*** RECORDS TO PROCESS ***

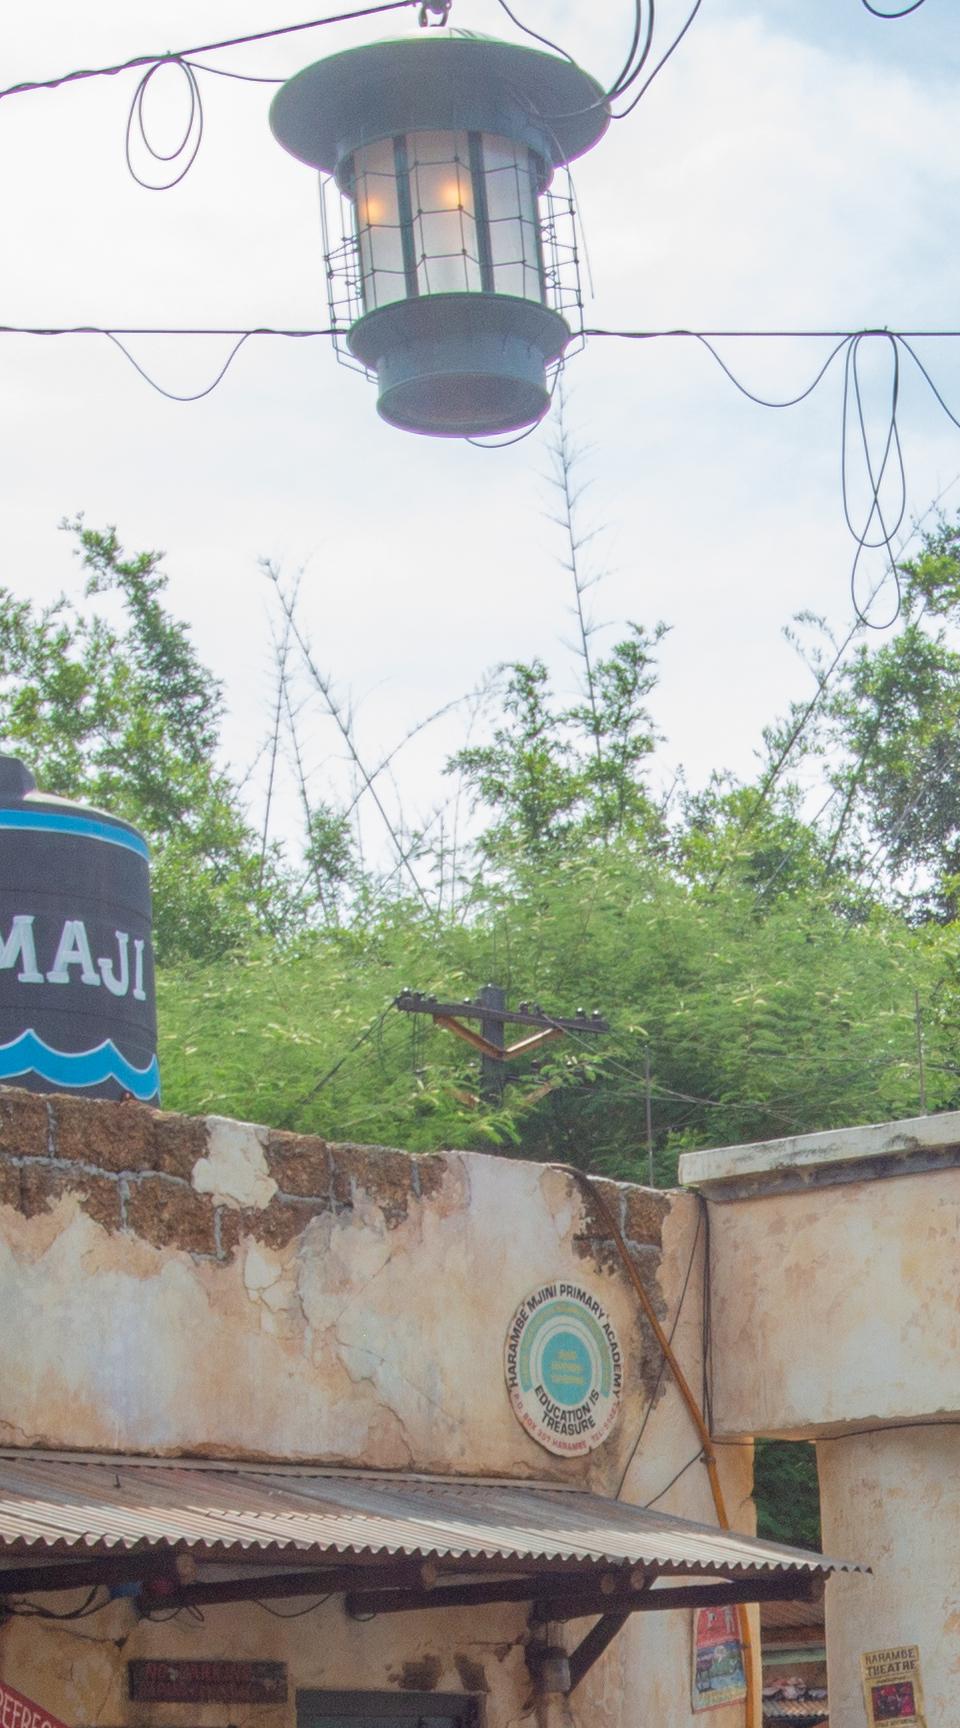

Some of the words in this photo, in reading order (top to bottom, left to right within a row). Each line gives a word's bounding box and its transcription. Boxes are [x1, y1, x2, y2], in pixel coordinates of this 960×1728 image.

[0, 914, 146, 1001] MAJI
[507, 1306, 530, 1388] HARAMBE
[527, 1285, 558, 1311] MJINI
[559, 1284, 605, 1320] PRIMARY
[602, 1322, 622, 1399] ACADEMY
[534, 1384, 591, 1424] EDUCATION
[591, 1388, 600, 1407] IS
[541, 1410, 597, 1436] TREASURE
[865, 1648, 916, 1665] HARAMBE
[866, 1660, 918, 1677] THEATRE
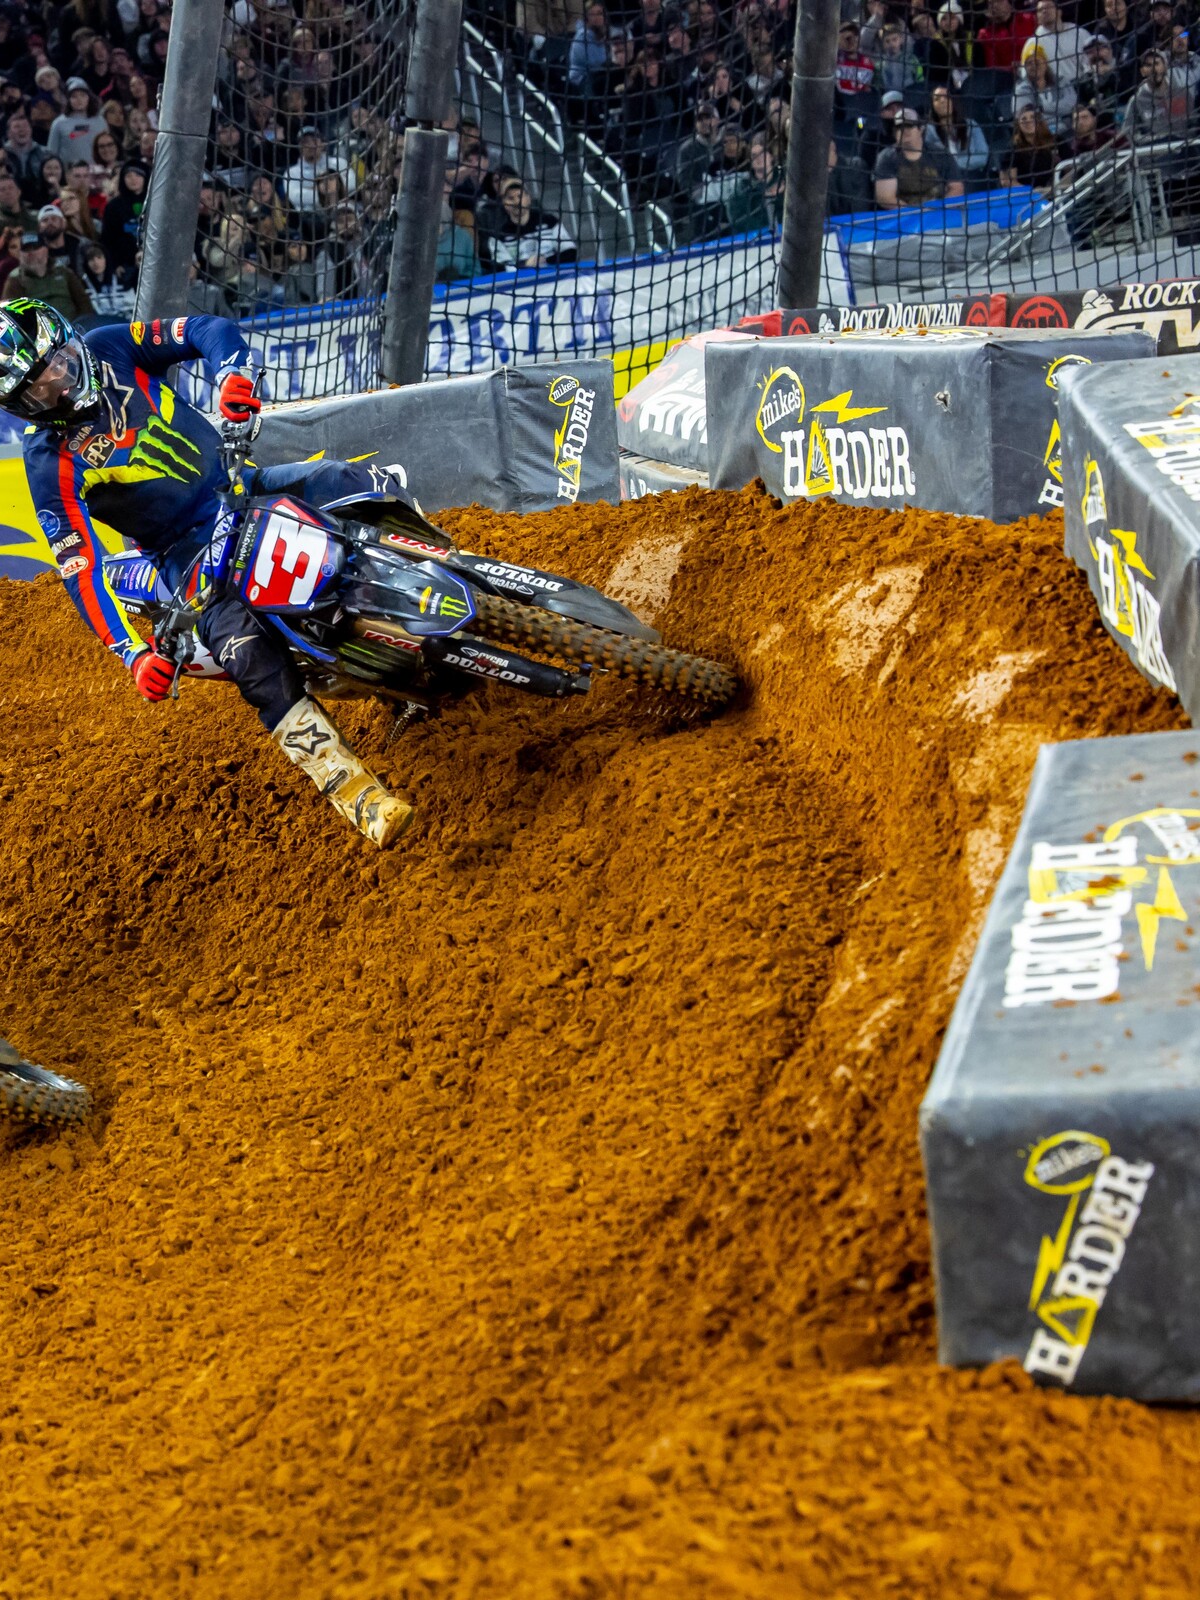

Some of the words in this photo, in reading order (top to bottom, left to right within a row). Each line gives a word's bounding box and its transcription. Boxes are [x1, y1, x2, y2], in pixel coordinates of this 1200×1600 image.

[884, 302, 964, 329] MOUNTAIN
[1119, 282, 1200, 311] ROCK
[551, 380, 577, 401] mike's
[762, 384, 801, 431] mike's
[556, 387, 596, 503] HARDER
[780, 420, 917, 499] HARDER
[254, 504, 328, 605] 3
[474, 562, 564, 592] DUNLOP
[442, 653, 531, 686] DUNLOP
[1023, 1154, 1155, 1386] HARDER
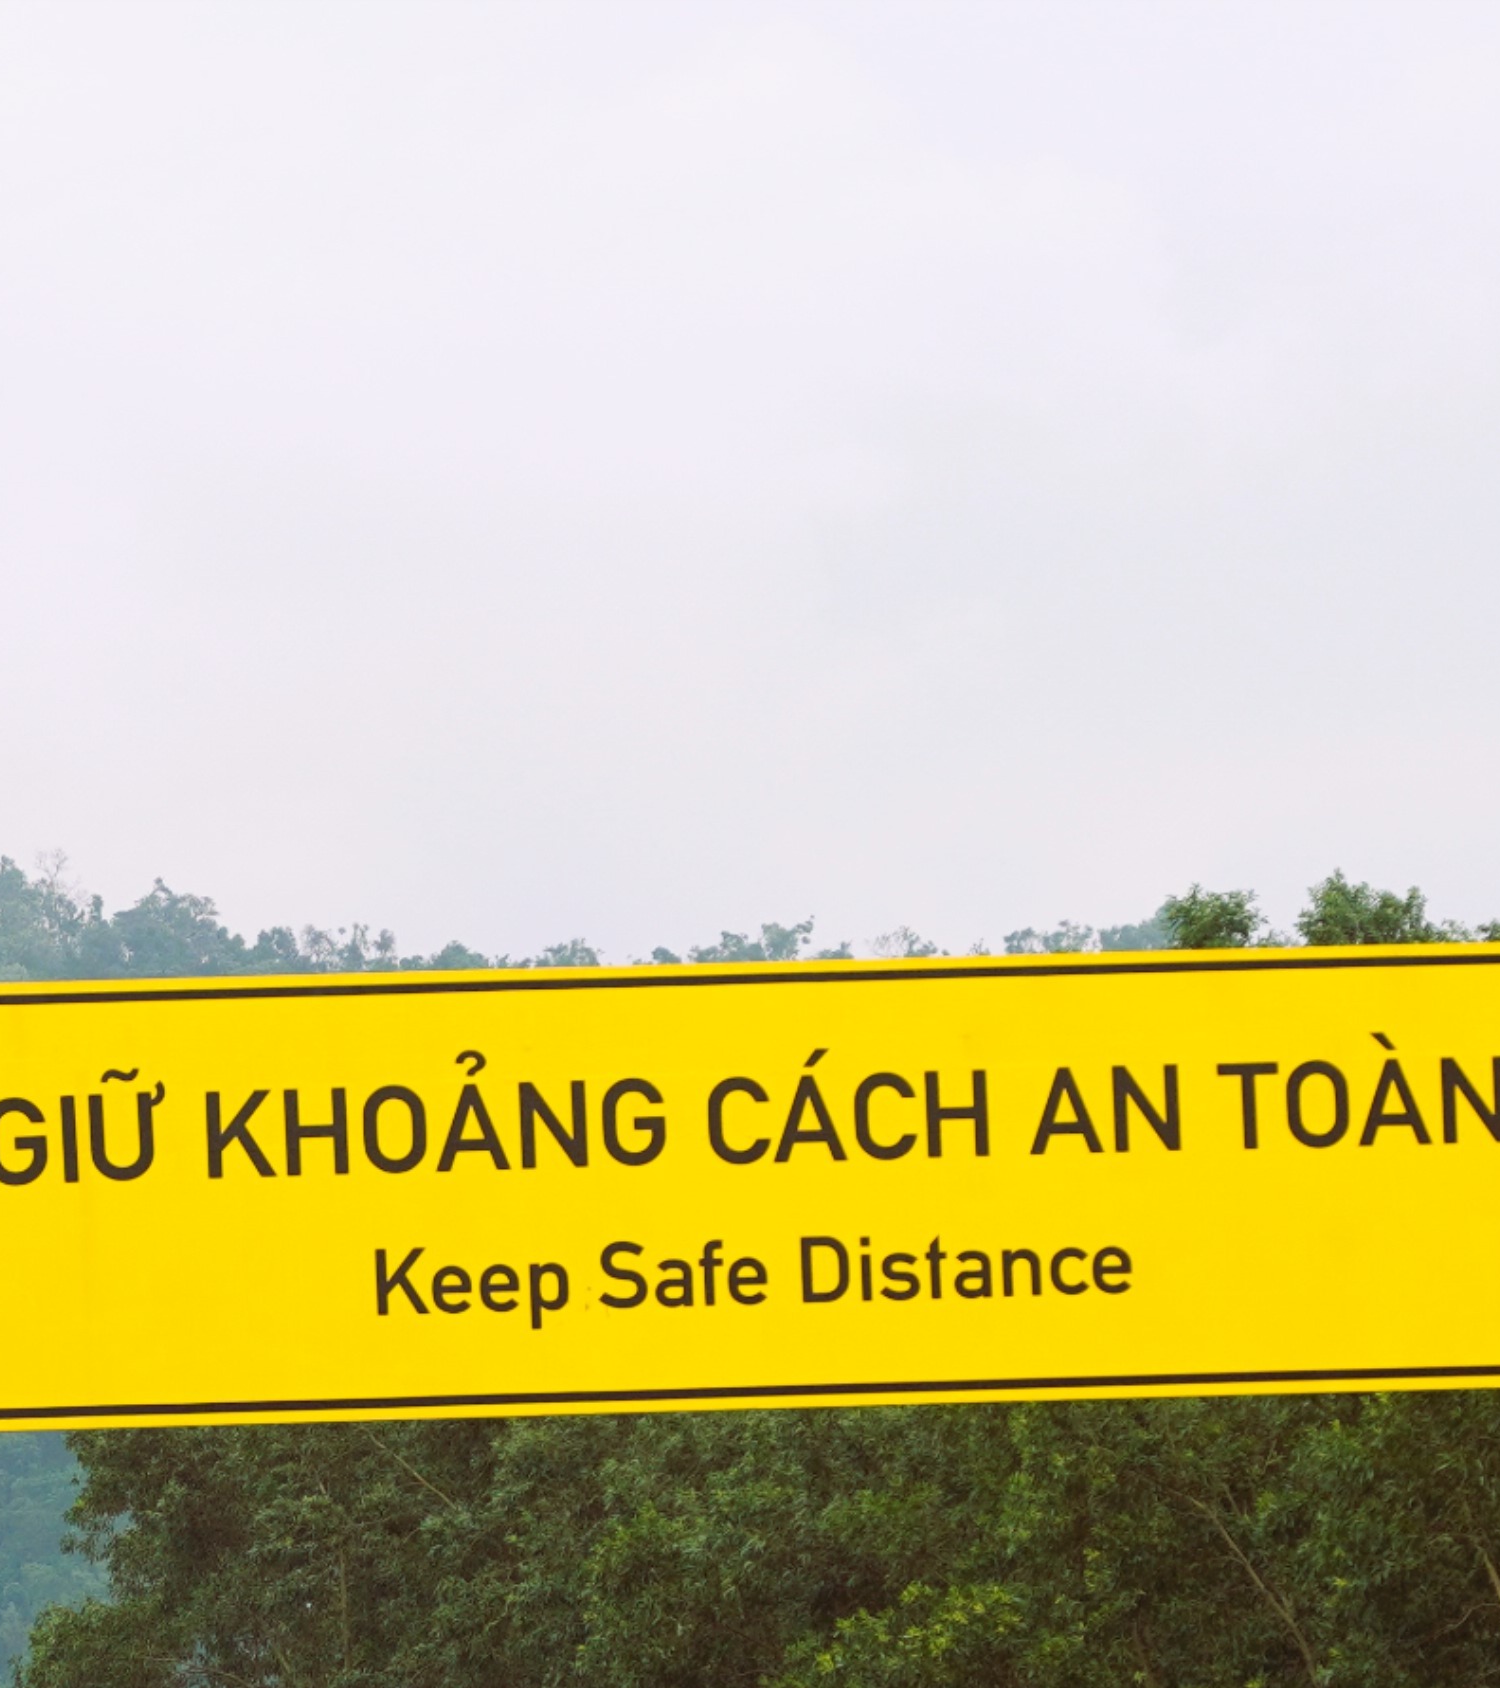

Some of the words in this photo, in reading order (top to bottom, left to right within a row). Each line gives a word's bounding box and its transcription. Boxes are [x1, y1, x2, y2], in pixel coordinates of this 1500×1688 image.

[204, 1049, 667, 1180] KHOẢNG
[706, 1047, 991, 1166] CÁCH
[1029, 1063, 1182, 1156] AN
[374, 1246, 571, 1331] Keep
[598, 1238, 769, 1310] Safe
[799, 1235, 1134, 1304] Distance

*** End of RECORDS TO PROCESS ***

Repeat the lines from the line containing "this 1200×1600 image." through the end of the material above exactly, with no pictures and nothing else.

Some of the words in this photo, in reading order (top to bottom, left to right within a row). Each line gives a word's bounding box and its transcription. Boxes are [x1, y1, x2, y2], in pixel coordinates of this 1200×1600 image.

[884, 302, 964, 329] MOUNTAIN
[1119, 282, 1200, 311] ROCK
[551, 380, 577, 401] mike's
[762, 384, 801, 431] mike's
[556, 387, 596, 503] HARDER
[780, 420, 917, 499] HARDER
[254, 504, 328, 605] 3
[474, 562, 564, 592] DUNLOP
[442, 653, 531, 686] DUNLOP
[1023, 1154, 1155, 1386] HARDER

Some of the words in this photo, in reading order (top to bottom, left to right within a row). Each line gives a word's bounding box and its transcription. Boxes are [x1, y1, x2, y2], in pixel coordinates of this 1500×1688 image.

[204, 1049, 667, 1180] KHOẢNG
[706, 1047, 991, 1166] CÁCH
[1029, 1063, 1182, 1156] AN
[374, 1246, 571, 1331] Keep
[598, 1238, 769, 1310] Safe
[799, 1235, 1134, 1304] Distance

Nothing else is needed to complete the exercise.